5> I'm not a big fan of the Streaming In A Box solutions. What you get for your streaming really depends on what you want to deliver. Do you want to provide video on demand? Bring the video into a Mac or PC via FireWire, use Discreet Cleaner [] to convert the file to MPEG4, Real, whatever, and drop it on a streaming server with lots of storage, hordes of RAM, and some fat ass bandwidth. Just looking to simulcast your broadcast? Even easier: run the program output of your master control switcher to a video capture card on a superfast PC. Start up some live encoder software (QuickTime Broadcaster [] , Helix Producer [] , MPEG4IP [] ) and have it send a unicast stream to a replication server attached to the net. With live streaming, you don't need any storage at all (unless you need to archive.)

6> Newsdesks. Check out uniset [] . They make good looking inexpensive sets and CYC panels (for doing green screen). We've been very happy with their stuff.

One last thing: check out DVLince [] - an all-DV server based production workflow for under $300K. Sony just bought them to rebrand it as their own gear. It might not be exactly what you need, but it's worth checking out.

Re:We just finished our digital studio upgrade (1)

minitrue (213792) | more than 10 years ago | (#7478568)

Oh yeah, another thing about audio: we like the Mackie D8 [] a lot. Really good board for the price.

What you need to do (0)

Anonymous Coward | more than 10 years ago | (#7479446)

For starters the words "cheap" and "broadcast" do not mix. Whether or not you have the bandwidth or not, you should invest in the best you can for two reasons. Better equipment has a future and talks to other gear better, and second cheap gear is crap and students should learn on stuff they will use in the real world.

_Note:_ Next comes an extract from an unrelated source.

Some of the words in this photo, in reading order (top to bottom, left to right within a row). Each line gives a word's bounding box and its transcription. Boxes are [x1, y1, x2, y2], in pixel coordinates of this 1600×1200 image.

Also get to know a dealer/integrator. You might think that all sales people are crap, but some are very helpful and can get you what you need while keeping within a budget. In other words there are decent people out there who know what they are taking about and can help you while not taking advantage of you. Its obvious you need some guidance and help, so don't just go buying equipment you think is good because then you will be no better than the administrators before you, which you loathe. Check out, they are in Richmond and are one of the best in your area.

1) Lighting, as mentioned name brands mean little here. This is where you can spend very little and still get a lot. Don't buy overpriced lights, just get what you need.

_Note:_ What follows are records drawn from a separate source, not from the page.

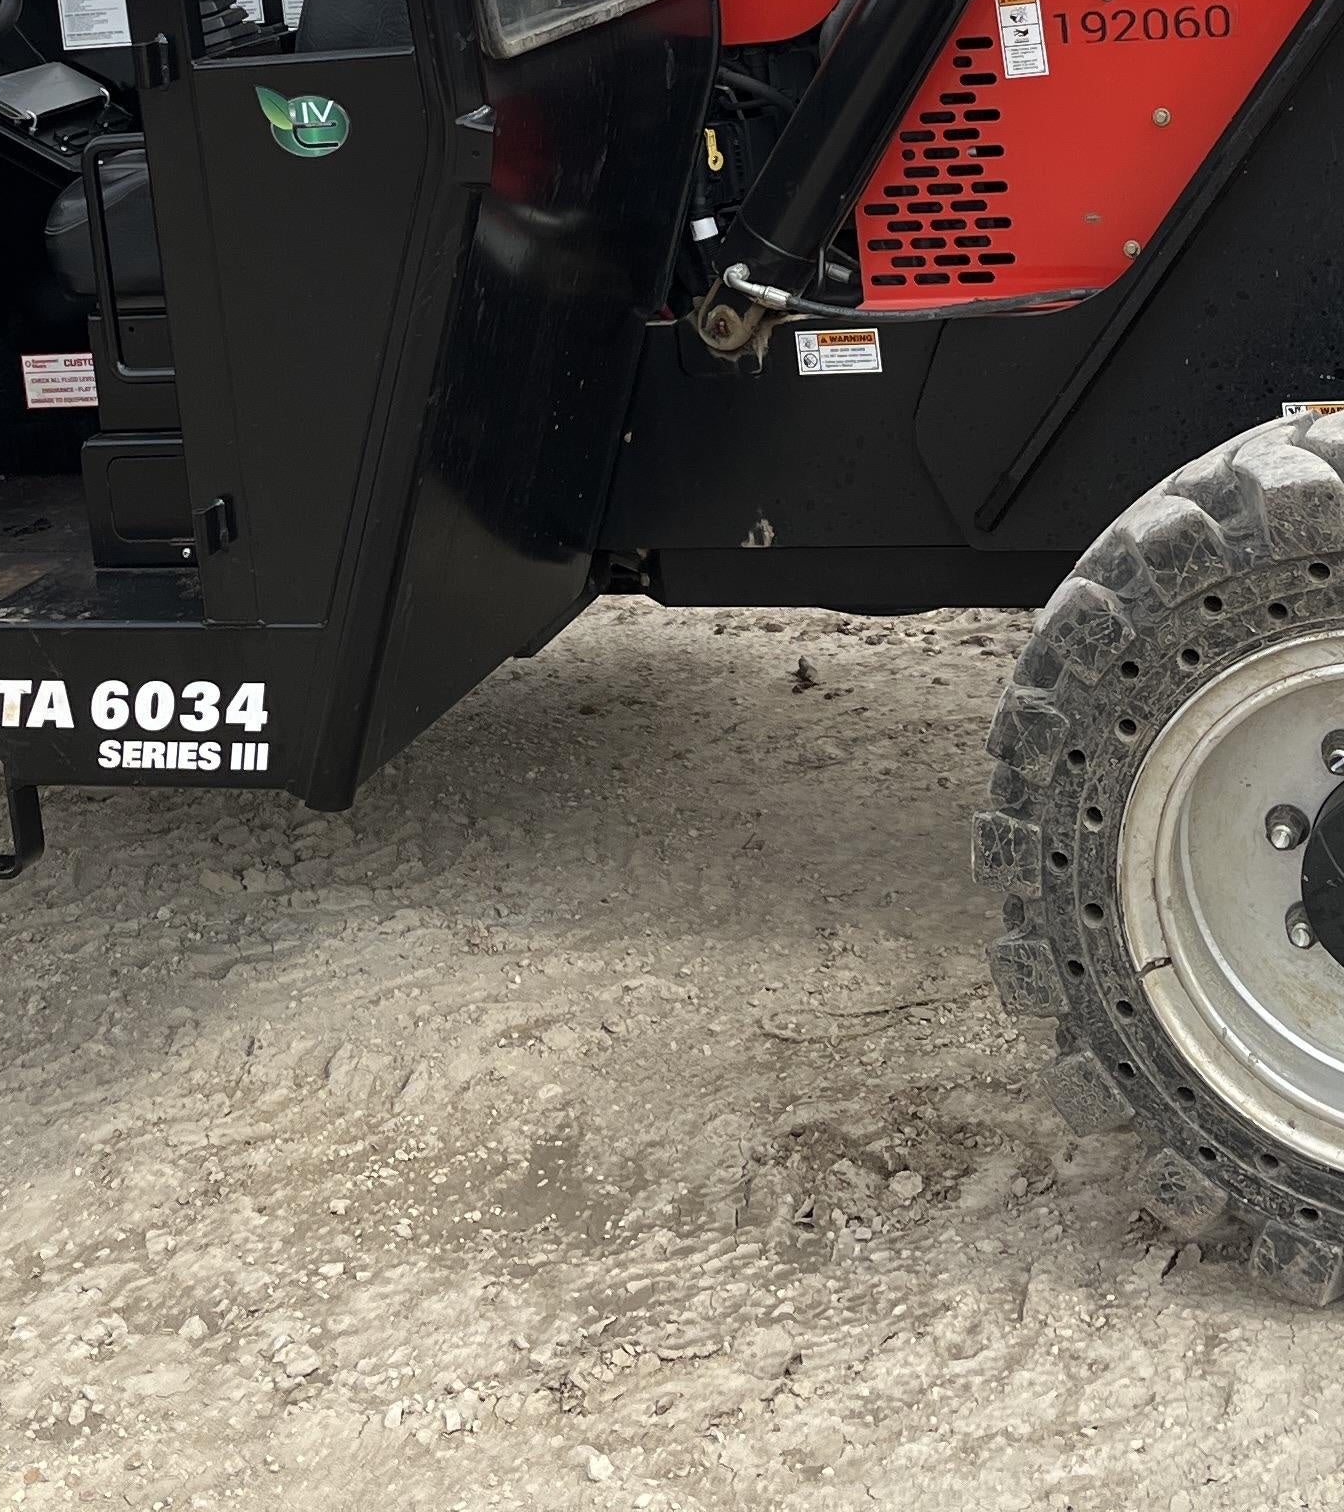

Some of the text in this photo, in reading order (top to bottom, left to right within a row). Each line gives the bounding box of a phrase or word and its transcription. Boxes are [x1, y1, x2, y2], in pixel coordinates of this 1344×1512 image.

[1053, 5, 1231, 44] 192060
[301, 100, 334, 124] IV
[829, 334, 873, 343] WARNING
[90, 680, 269, 732] 6034
[97, 739, 269, 771] SERIES III

2) Canon XL-1 were a hot camera in 1999, there are much better camera's on the market now. Second DO NOT buy a pro-consumer camera to do the job of something professional. Panasonic and Ikigami make great camera's. Sony is good, but read on to find out why not to buy Sony. Camera's are the source of what your audience will see, so why skimp on what's important, get some decent ENG cameras with CCU's. Second is to choose a format. You have two choices, Sony's DVCAM and Panasonic's DVCPRO. Go with DVCPRO because as mentioned it has a upgrade path, and unlike Sony Panasonic is not trying to make you buy a new stupid format every two years that no one will use. Also Sony is in serious financial trouble, their future is questionable.

3) Audio, AS others have said Mackie makes a great product for a cheap price, so why choose anything else. AS for wireless mic's, Samson makes a decent product at a low price, so why buy overpriced Sony? Also for intercoms choose Telex.

4) Video distribution and serving, go with Leightronic's. Cheep and easy to use. For a switcher I think Grass Valley would be overkill for you, Look at the Panasonic MX70, its digital with effects for under 10K

5) Editing, go with Avid for a few reasons. Despite Apple's market hype, Avid owns the market. So have you students learn something that will get them jobs later. Next, Avid's Adrenaline and Mojo systems, part of the new DNA line are very fast, very full featured, and very cheap. Trust me Final Cut looks cheap, but add the cards you need and storage and it's the same price as Avid with less features and lot of bugs. Apple only makes final cut to sell G5's, they have no real interest in video.

Last, I am a VT grad. Fix your front end as well. It is no good to have good equipment when you picture still looks like ass.